▸ Task to complete: Set the listing down once more, exactly as given.

▸ Dataset records:
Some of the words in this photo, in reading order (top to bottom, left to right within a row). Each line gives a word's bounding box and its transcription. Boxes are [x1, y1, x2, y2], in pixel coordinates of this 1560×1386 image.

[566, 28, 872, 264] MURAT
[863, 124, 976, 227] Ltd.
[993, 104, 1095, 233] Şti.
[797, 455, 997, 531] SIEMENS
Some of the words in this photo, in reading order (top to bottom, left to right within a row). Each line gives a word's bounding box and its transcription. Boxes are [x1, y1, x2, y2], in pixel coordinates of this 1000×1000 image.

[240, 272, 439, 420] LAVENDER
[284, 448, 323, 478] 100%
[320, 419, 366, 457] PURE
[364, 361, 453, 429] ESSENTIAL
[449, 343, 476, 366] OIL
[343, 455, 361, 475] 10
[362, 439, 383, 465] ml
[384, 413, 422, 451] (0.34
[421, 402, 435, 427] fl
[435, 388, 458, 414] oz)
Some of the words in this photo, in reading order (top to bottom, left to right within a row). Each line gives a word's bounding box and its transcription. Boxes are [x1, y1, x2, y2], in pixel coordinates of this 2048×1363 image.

▸ Task output:
Some of the words in this photo, in reading order (top to bottom, left to right within a row). Each line gives a word's bounding box and its transcription. Boxes are [x1, y1, x2, y2], in pixel coordinates of this 1560×1386 image.

[566, 28, 872, 264] MURAT
[863, 124, 976, 227] Ltd.
[993, 104, 1095, 233] Şti.
[797, 455, 997, 531] SIEMENS
Some of the words in this photo, in reading order (top to bottom, left to right within a row). Each line gives a word's bounding box and its transcription. Boxes are [x1, y1, x2, y2], in pixel coordinates of this 1000×1000 image.

[240, 272, 439, 420] LAVENDER
[284, 448, 323, 478] 100%
[320, 419, 366, 457] PURE
[364, 361, 453, 429] ESSENTIAL
[449, 343, 476, 366] OIL
[343, 455, 361, 475] 10
[362, 439, 383, 465] ml
[384, 413, 422, 451] (0.34
[421, 402, 435, 427] fl
[435, 388, 458, 414] oz)
Some of the words in this photo, in reading order (top to bottom, left to right within a row). Each line gives a word's bounding box and its transcription. Boxes are [x1, y1, x2, y2], in pixel coordinates of this 2048×1363 image.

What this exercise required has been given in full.